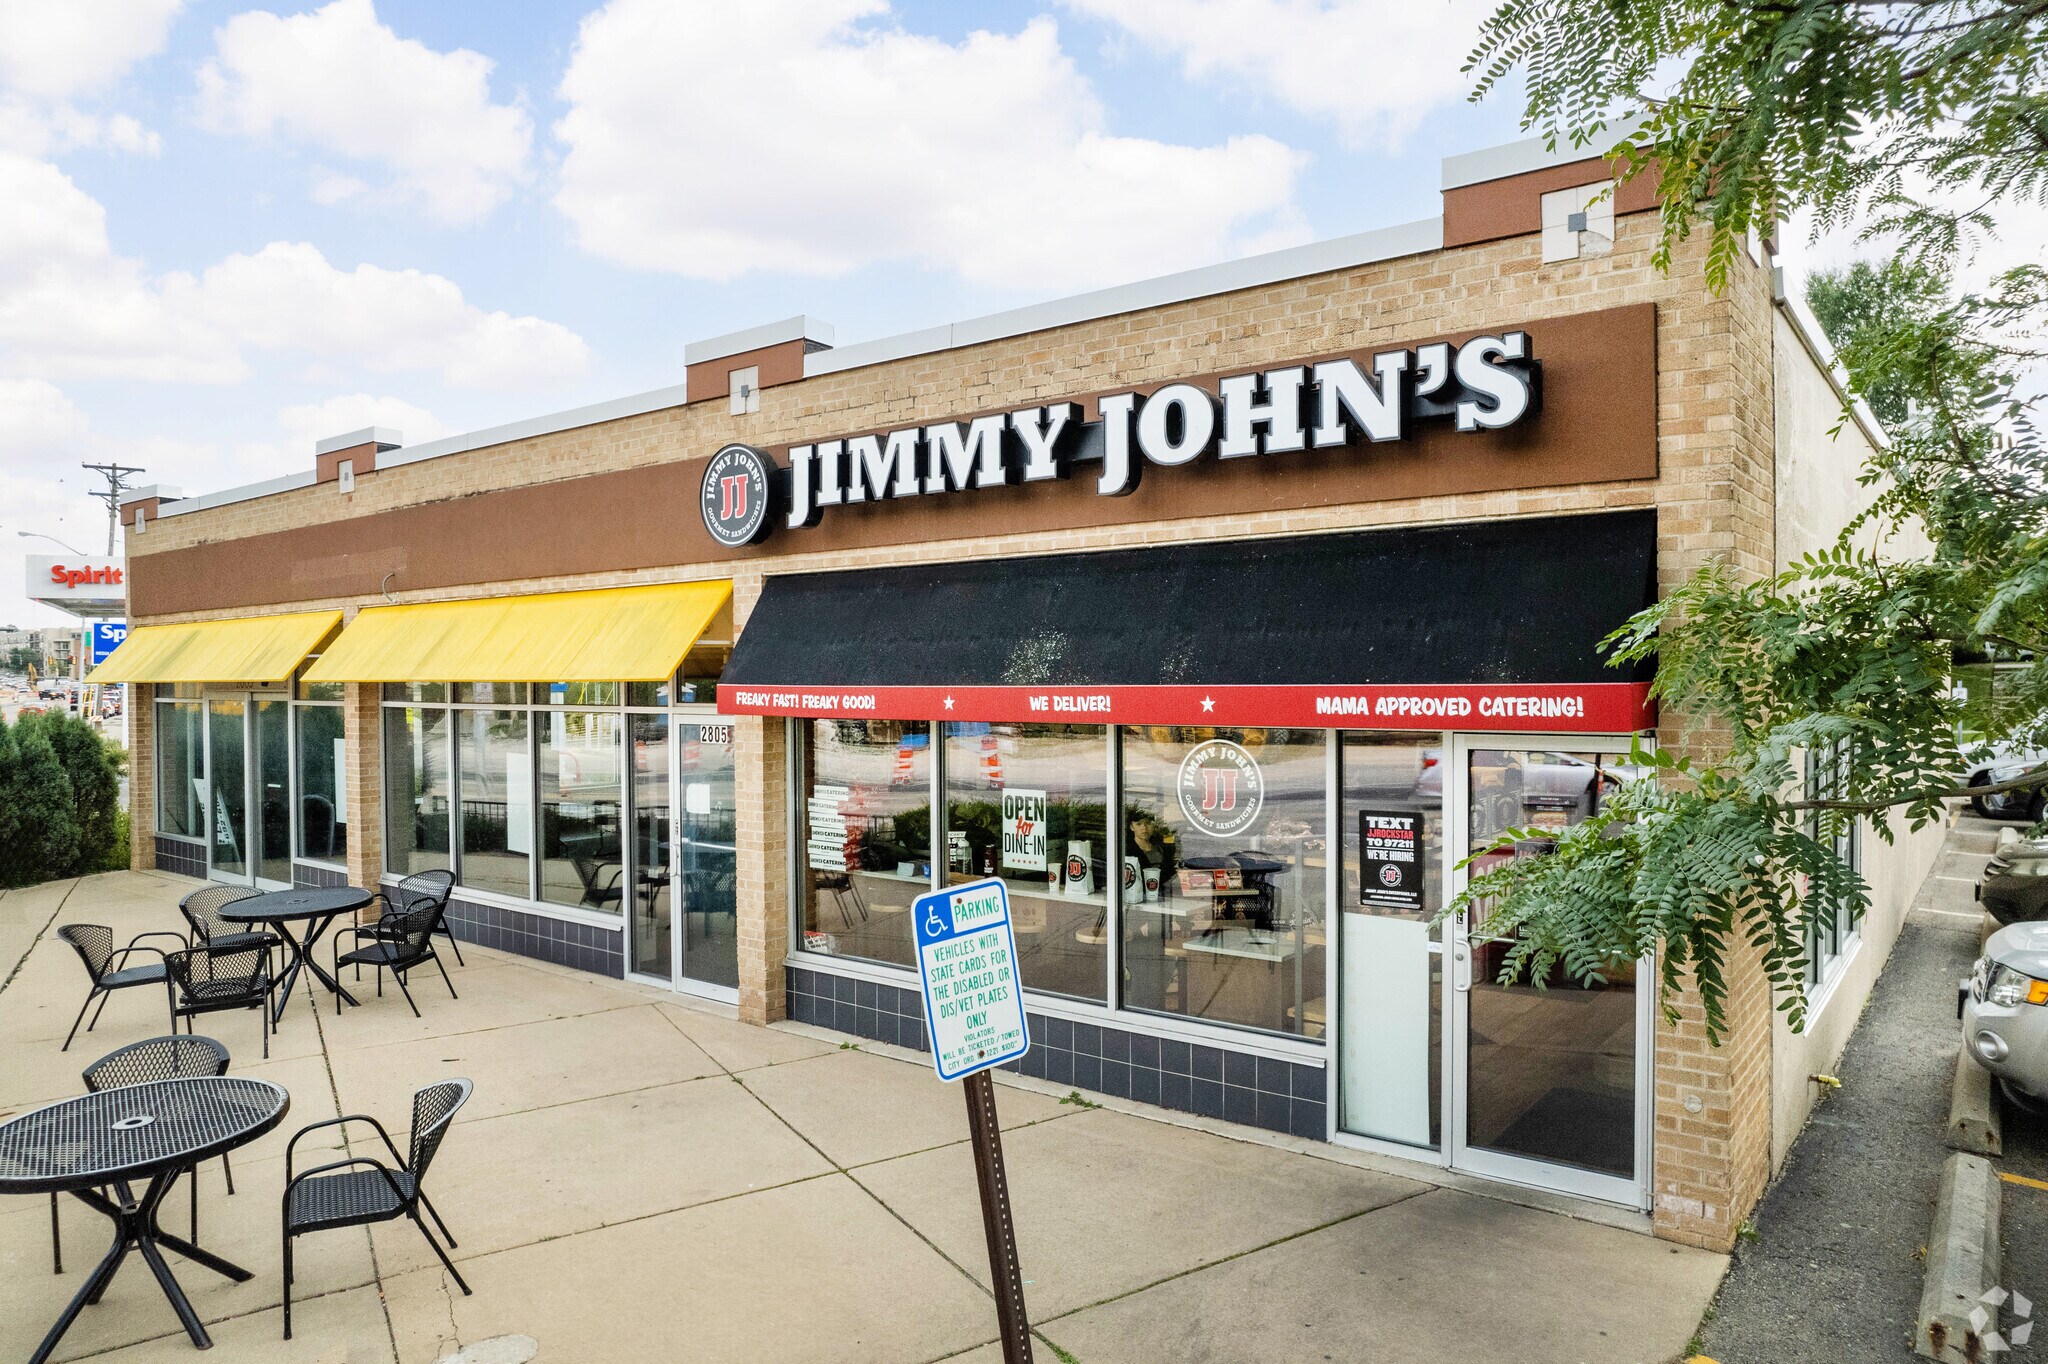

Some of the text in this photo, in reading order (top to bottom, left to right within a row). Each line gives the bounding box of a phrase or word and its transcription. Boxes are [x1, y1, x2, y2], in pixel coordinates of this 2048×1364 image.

[786, 330, 1529, 529] JIMMY JOHN'S
[706, 452, 762, 500] JIMMY JOHN'S
[720, 473, 749, 521] JJ
[707, 500, 762, 538] GOURMET SANDWICHES
[51, 564, 124, 589] Spirit
[735, 691, 876, 710] FREAKY FAST! FREAKY GOOD!
[1029, 695, 1111, 713] WE DELIVER!
[1315, 696, 1585, 717] MAMA APPROVED CATERING!
[701, 725, 727, 743] 2805
[1183, 747, 1257, 789] JIMMY JOHN'S
[1202, 768, 1238, 811] JJ
[1004, 794, 1045, 823] OPEN
[1185, 794, 1257, 830] GOURMET SANDWICHES
[824, 831, 848, 839] CATERING
[1015, 815, 1035, 840] for
[1366, 816, 1414, 830] TEXT
[1366, 829, 1414, 840] JJROCKSTAR
[1004, 832, 1045, 856] DINE-IN
[1366, 837, 1415, 849] TO 97211
[822, 858, 847, 867] CATERING
[1366, 849, 1415, 863] WE'RE HIRING
[954, 896, 1000, 923] PARKING
[934, 933, 999, 962] VEHICLES WITH
[931, 950, 1007, 983] STATE CARDS FOR
[933, 967, 1011, 1001] THE DISABLED OR
[940, 986, 1009, 1019] DIS/VET PLATES
[966, 1011, 987, 1029] ONLY
[942, 1052, 956, 1061] WILL
[957, 1047, 965, 1055] BE
[968, 1037, 995, 1052] TICKETED
[1000, 1029, 1020, 1040] TOWED
[963, 1026, 995, 1042] VIOLATORS
[947, 1060, 960, 1070] CITY
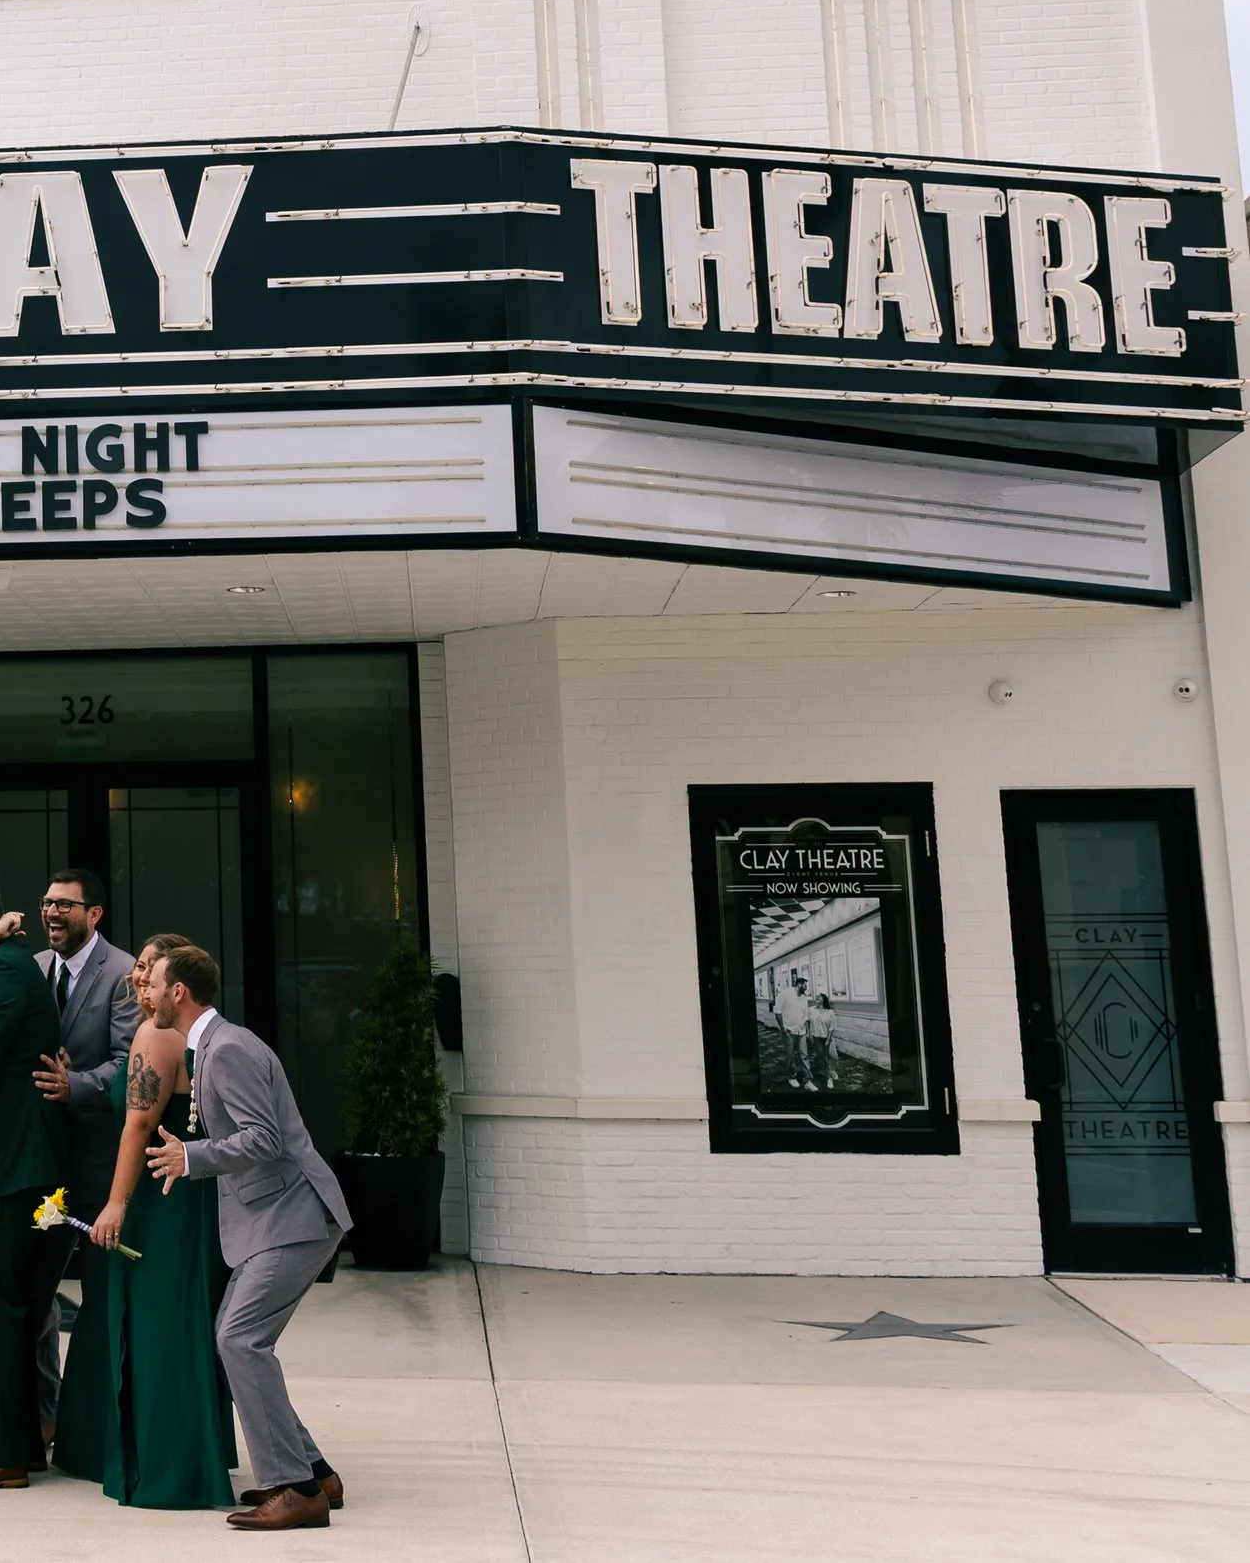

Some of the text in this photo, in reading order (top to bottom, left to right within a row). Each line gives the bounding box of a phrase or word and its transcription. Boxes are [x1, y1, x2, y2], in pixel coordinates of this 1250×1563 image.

**About this exercise**
All of the material above should be copied exactly, minus the pictures.

**Exercise output**
Some of the text in this photo, in reading order (top to bottom, left to right within a row). Each line gives the bounding box of a phrase or word and its transcription. Boxes are [x1, y1, x2, y2], in pixel coordinates of this 2048×1364 image.

[786, 330, 1529, 529] JIMMY JOHN'S
[706, 452, 762, 500] JIMMY JOHN'S
[720, 473, 749, 521] JJ
[707, 500, 762, 538] GOURMET SANDWICHES
[51, 564, 124, 589] Spirit
[735, 691, 876, 710] FREAKY FAST! FREAKY GOOD!
[1029, 695, 1111, 713] WE DELIVER!
[1315, 696, 1585, 717] MAMA APPROVED CATERING!
[701, 725, 727, 743] 2805
[1183, 747, 1257, 789] JIMMY JOHN'S
[1202, 768, 1238, 811] JJ
[1004, 794, 1045, 823] OPEN
[1185, 794, 1257, 830] GOURMET SANDWICHES
[824, 831, 848, 839] CATERING
[1015, 815, 1035, 840] for
[1366, 816, 1414, 830] TEXT
[1366, 829, 1414, 840] JJROCKSTAR
[1004, 832, 1045, 856] DINE-IN
[1366, 837, 1415, 849] TO 97211
[822, 858, 847, 867] CATERING
[1366, 849, 1415, 863] WE'RE HIRING
[954, 896, 1000, 923] PARKING
[934, 933, 999, 962] VEHICLES WITH
[931, 950, 1007, 983] STATE CARDS FOR
[933, 967, 1011, 1001] THE DISABLED OR
[940, 986, 1009, 1019] DIS/VET PLATES
[966, 1011, 987, 1029] ONLY
[942, 1052, 956, 1061] WILL
[957, 1047, 965, 1055] BE
[968, 1037, 995, 1052] TICKETED
[1000, 1029, 1020, 1040] TOWED
[963, 1026, 995, 1042] VIOLATORS
[947, 1060, 960, 1070] CITY

Some of the text in this photo, in reading order (top to bottom, left to right within a row). Each line gives the bounding box of a phrase or word and its transcription. Boxes are [x1, y1, x2, y2], in pixel coordinates of this 1250×1563 image.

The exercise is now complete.